WHAT TO PRODUCE:
Give the listing again in full, matching it character for character.
^^^^
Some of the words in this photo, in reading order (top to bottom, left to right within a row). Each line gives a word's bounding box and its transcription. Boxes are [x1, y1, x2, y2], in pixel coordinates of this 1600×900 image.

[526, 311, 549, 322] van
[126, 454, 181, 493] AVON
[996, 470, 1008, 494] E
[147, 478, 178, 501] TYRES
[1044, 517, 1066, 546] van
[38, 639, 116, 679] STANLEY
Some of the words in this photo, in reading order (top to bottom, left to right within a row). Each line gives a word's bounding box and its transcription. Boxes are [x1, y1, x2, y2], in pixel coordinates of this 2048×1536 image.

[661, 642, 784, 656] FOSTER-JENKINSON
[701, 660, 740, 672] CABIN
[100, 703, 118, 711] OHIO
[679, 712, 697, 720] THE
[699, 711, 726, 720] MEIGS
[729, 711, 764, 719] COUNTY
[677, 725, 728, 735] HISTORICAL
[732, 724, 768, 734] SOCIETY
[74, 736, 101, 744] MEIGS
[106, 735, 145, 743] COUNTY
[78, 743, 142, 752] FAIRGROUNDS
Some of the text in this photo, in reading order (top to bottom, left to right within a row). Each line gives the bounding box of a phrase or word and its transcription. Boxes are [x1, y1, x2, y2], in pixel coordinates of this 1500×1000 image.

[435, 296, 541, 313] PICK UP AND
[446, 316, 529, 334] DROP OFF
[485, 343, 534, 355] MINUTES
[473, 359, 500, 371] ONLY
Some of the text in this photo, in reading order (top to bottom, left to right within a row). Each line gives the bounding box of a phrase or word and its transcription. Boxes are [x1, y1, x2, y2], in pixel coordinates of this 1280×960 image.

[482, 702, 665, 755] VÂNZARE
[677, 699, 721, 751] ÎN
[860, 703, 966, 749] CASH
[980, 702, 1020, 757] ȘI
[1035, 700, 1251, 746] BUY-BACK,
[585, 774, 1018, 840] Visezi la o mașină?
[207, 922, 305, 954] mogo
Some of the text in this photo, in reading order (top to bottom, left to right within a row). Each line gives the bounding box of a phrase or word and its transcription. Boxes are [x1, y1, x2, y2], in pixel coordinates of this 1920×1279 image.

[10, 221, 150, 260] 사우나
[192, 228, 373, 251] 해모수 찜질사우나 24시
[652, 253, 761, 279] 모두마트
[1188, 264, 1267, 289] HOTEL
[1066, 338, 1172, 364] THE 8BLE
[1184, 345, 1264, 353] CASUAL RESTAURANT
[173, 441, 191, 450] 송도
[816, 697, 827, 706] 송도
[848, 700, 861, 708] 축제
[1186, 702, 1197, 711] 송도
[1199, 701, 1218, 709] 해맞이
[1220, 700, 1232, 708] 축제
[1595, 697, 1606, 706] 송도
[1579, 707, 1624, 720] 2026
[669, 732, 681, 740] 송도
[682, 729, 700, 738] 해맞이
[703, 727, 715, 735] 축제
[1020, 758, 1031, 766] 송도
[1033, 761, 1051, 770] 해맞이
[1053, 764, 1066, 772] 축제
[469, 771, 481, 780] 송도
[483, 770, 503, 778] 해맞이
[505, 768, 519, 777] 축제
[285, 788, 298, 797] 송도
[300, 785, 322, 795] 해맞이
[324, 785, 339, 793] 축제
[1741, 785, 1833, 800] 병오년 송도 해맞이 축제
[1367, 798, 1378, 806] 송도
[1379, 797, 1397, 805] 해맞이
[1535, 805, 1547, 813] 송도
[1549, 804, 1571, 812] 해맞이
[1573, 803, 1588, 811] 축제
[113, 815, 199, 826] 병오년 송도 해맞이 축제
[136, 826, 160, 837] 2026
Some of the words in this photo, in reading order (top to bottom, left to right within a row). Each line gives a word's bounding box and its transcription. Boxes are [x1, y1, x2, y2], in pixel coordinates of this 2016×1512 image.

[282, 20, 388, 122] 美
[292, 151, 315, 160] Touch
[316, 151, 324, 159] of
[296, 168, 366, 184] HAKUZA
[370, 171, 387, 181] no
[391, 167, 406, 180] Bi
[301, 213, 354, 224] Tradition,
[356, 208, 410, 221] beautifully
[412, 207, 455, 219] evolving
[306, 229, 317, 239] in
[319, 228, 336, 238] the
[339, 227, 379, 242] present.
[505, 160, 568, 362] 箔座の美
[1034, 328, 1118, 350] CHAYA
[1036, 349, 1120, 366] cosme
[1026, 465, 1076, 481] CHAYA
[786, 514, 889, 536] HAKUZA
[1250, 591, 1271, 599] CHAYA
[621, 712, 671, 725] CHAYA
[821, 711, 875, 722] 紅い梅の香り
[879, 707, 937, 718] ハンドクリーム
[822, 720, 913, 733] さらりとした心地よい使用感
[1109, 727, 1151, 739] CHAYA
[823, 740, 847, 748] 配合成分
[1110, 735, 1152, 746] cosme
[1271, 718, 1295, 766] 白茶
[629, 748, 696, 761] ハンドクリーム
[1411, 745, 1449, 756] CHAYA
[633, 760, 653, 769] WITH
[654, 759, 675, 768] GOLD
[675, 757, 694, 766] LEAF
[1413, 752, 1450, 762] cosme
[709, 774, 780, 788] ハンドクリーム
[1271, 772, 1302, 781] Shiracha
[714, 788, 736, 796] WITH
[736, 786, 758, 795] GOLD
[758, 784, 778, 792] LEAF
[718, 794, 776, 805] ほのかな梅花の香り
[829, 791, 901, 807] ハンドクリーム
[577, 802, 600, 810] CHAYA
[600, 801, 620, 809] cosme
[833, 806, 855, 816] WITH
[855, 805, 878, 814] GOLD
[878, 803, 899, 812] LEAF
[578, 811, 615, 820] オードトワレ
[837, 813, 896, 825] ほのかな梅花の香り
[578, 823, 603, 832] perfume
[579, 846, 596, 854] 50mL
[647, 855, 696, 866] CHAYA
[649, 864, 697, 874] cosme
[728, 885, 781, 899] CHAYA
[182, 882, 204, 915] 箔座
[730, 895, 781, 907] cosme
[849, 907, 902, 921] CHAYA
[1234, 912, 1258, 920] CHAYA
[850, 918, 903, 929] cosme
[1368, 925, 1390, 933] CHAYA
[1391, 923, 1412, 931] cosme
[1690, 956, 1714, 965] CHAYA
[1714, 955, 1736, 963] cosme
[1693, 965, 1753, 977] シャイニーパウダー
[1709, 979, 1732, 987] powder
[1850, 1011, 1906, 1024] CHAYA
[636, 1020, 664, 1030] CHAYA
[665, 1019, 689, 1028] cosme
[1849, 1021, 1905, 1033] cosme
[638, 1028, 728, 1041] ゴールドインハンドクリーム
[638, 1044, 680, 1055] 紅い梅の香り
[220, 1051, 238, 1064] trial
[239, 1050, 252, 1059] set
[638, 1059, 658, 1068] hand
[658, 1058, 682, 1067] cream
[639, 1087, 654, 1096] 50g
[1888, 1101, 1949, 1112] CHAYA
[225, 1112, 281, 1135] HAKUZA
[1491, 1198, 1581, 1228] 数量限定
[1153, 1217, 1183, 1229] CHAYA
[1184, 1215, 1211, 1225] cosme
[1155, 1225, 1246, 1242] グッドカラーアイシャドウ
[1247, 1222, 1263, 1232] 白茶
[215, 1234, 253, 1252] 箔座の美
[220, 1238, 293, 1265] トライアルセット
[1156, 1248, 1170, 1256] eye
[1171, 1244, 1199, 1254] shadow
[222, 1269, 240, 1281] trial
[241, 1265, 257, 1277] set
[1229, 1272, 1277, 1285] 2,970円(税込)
^^^^
FINISHED TASK:
Some of the words in this photo, in reading order (top to bottom, left to right within a row). Each line gives a word's bounding box and its transcription. Boxes are [x1, y1, x2, y2], in pixel coordinates of this 1600×900 image.

[526, 311, 549, 322] van
[126, 454, 181, 493] AVON
[996, 470, 1008, 494] E
[147, 478, 178, 501] TYRES
[1044, 517, 1066, 546] van
[38, 639, 116, 679] STANLEY
Some of the words in this photo, in reading order (top to bottom, left to right within a row). Each line gives a word's bounding box and its transcription. Boxes are [x1, y1, x2, y2], in pixel coordinates of this 2048×1536 image.

[661, 642, 784, 656] FOSTER-JENKINSON
[701, 660, 740, 672] CABIN
[100, 703, 118, 711] OHIO
[679, 712, 697, 720] THE
[699, 711, 726, 720] MEIGS
[729, 711, 764, 719] COUNTY
[677, 725, 728, 735] HISTORICAL
[732, 724, 768, 734] SOCIETY
[74, 736, 101, 744] MEIGS
[106, 735, 145, 743] COUNTY
[78, 743, 142, 752] FAIRGROUNDS
Some of the text in this photo, in reading order (top to bottom, left to right within a row). Each line gives the bounding box of a phrase or word and its transcription. Boxes are [x1, y1, x2, y2], in pixel coordinates of this 1500×1000 image.

[435, 296, 541, 313] PICK UP AND
[446, 316, 529, 334] DROP OFF
[485, 343, 534, 355] MINUTES
[473, 359, 500, 371] ONLY
Some of the text in this photo, in reading order (top to bottom, left to right within a row). Each line gives the bounding box of a phrase or word and its transcription. Boxes are [x1, y1, x2, y2], in pixel coordinates of this 1280×960 image.

[482, 702, 665, 755] VÂNZARE
[677, 699, 721, 751] ÎN
[860, 703, 966, 749] CASH
[980, 702, 1020, 757] ȘI
[1035, 700, 1251, 746] BUY-BACK,
[585, 774, 1018, 840] Visezi la o mașină?
[207, 922, 305, 954] mogo
Some of the text in this photo, in reading order (top to bottom, left to right within a row). Each line gives the bounding box of a phrase or word and its transcription. Boxes are [x1, y1, x2, y2], in pixel coordinates of this 1920×1279 image.

[10, 221, 150, 260] 사우나
[192, 228, 373, 251] 해모수 찜질사우나 24시
[652, 253, 761, 279] 모두마트
[1188, 264, 1267, 289] HOTEL
[1066, 338, 1172, 364] THE 8BLE
[1184, 345, 1264, 353] CASUAL RESTAURANT
[173, 441, 191, 450] 송도
[816, 697, 827, 706] 송도
[848, 700, 861, 708] 축제
[1186, 702, 1197, 711] 송도
[1199, 701, 1218, 709] 해맞이
[1220, 700, 1232, 708] 축제
[1595, 697, 1606, 706] 송도
[1579, 707, 1624, 720] 2026
[669, 732, 681, 740] 송도
[682, 729, 700, 738] 해맞이
[703, 727, 715, 735] 축제
[1020, 758, 1031, 766] 송도
[1033, 761, 1051, 770] 해맞이
[1053, 764, 1066, 772] 축제
[469, 771, 481, 780] 송도
[483, 770, 503, 778] 해맞이
[505, 768, 519, 777] 축제
[285, 788, 298, 797] 송도
[300, 785, 322, 795] 해맞이
[324, 785, 339, 793] 축제
[1741, 785, 1833, 800] 병오년 송도 해맞이 축제
[1367, 798, 1378, 806] 송도
[1379, 797, 1397, 805] 해맞이
[1535, 805, 1547, 813] 송도
[1549, 804, 1571, 812] 해맞이
[1573, 803, 1588, 811] 축제
[113, 815, 199, 826] 병오년 송도 해맞이 축제
[136, 826, 160, 837] 2026
Some of the words in this photo, in reading order (top to bottom, left to right within a row). Each line gives a word's bounding box and its transcription. Boxes are [x1, y1, x2, y2], in pixel coordinates of this 2016×1512 image.

[282, 20, 388, 122] 美
[292, 151, 315, 160] Touch
[316, 151, 324, 159] of
[296, 168, 366, 184] HAKUZA
[370, 171, 387, 181] no
[391, 167, 406, 180] Bi
[301, 213, 354, 224] Tradition,
[356, 208, 410, 221] beautifully
[412, 207, 455, 219] evolving
[306, 229, 317, 239] in
[319, 228, 336, 238] the
[339, 227, 379, 242] present.
[505, 160, 568, 362] 箔座の美
[1034, 328, 1118, 350] CHAYA
[1036, 349, 1120, 366] cosme
[1026, 465, 1076, 481] CHAYA
[786, 514, 889, 536] HAKUZA
[1250, 591, 1271, 599] CHAYA
[621, 712, 671, 725] CHAYA
[821, 711, 875, 722] 紅い梅の香り
[879, 707, 937, 718] ハンドクリーム
[822, 720, 913, 733] さらりとした心地よい使用感
[1109, 727, 1151, 739] CHAYA
[823, 740, 847, 748] 配合成分
[1110, 735, 1152, 746] cosme
[1271, 718, 1295, 766] 白茶
[629, 748, 696, 761] ハンドクリーム
[1411, 745, 1449, 756] CHAYA
[633, 760, 653, 769] WITH
[654, 759, 675, 768] GOLD
[675, 757, 694, 766] LEAF
[1413, 752, 1450, 762] cosme
[709, 774, 780, 788] ハンドクリーム
[1271, 772, 1302, 781] Shiracha
[714, 788, 736, 796] WITH
[736, 786, 758, 795] GOLD
[758, 784, 778, 792] LEAF
[718, 794, 776, 805] ほのかな梅花の香り
[829, 791, 901, 807] ハンドクリーム
[577, 802, 600, 810] CHAYA
[600, 801, 620, 809] cosme
[833, 806, 855, 816] WITH
[855, 805, 878, 814] GOLD
[878, 803, 899, 812] LEAF
[578, 811, 615, 820] オードトワレ
[837, 813, 896, 825] ほのかな梅花の香り
[578, 823, 603, 832] perfume
[579, 846, 596, 854] 50mL
[647, 855, 696, 866] CHAYA
[649, 864, 697, 874] cosme
[728, 885, 781, 899] CHAYA
[182, 882, 204, 915] 箔座
[730, 895, 781, 907] cosme
[849, 907, 902, 921] CHAYA
[1234, 912, 1258, 920] CHAYA
[850, 918, 903, 929] cosme
[1368, 925, 1390, 933] CHAYA
[1391, 923, 1412, 931] cosme
[1690, 956, 1714, 965] CHAYA
[1714, 955, 1736, 963] cosme
[1693, 965, 1753, 977] シャイニーパウダー
[1709, 979, 1732, 987] powder
[1850, 1011, 1906, 1024] CHAYA
[636, 1020, 664, 1030] CHAYA
[665, 1019, 689, 1028] cosme
[1849, 1021, 1905, 1033] cosme
[638, 1028, 728, 1041] ゴールドインハンドクリーム
[638, 1044, 680, 1055] 紅い梅の香り
[220, 1051, 238, 1064] trial
[239, 1050, 252, 1059] set
[638, 1059, 658, 1068] hand
[658, 1058, 682, 1067] cream
[639, 1087, 654, 1096] 50g
[1888, 1101, 1949, 1112] CHAYA
[225, 1112, 281, 1135] HAKUZA
[1491, 1198, 1581, 1228] 数量限定
[1153, 1217, 1183, 1229] CHAYA
[1184, 1215, 1211, 1225] cosme
[1155, 1225, 1246, 1242] グッドカラーアイシャドウ
[1247, 1222, 1263, 1232] 白茶
[215, 1234, 253, 1252] 箔座の美
[220, 1238, 293, 1265] トライアルセット
[1156, 1248, 1170, 1256] eye
[1171, 1244, 1199, 1254] shadow
[222, 1269, 240, 1281] trial
[241, 1265, 257, 1277] set
[1229, 1272, 1277, 1285] 2,970円(税込)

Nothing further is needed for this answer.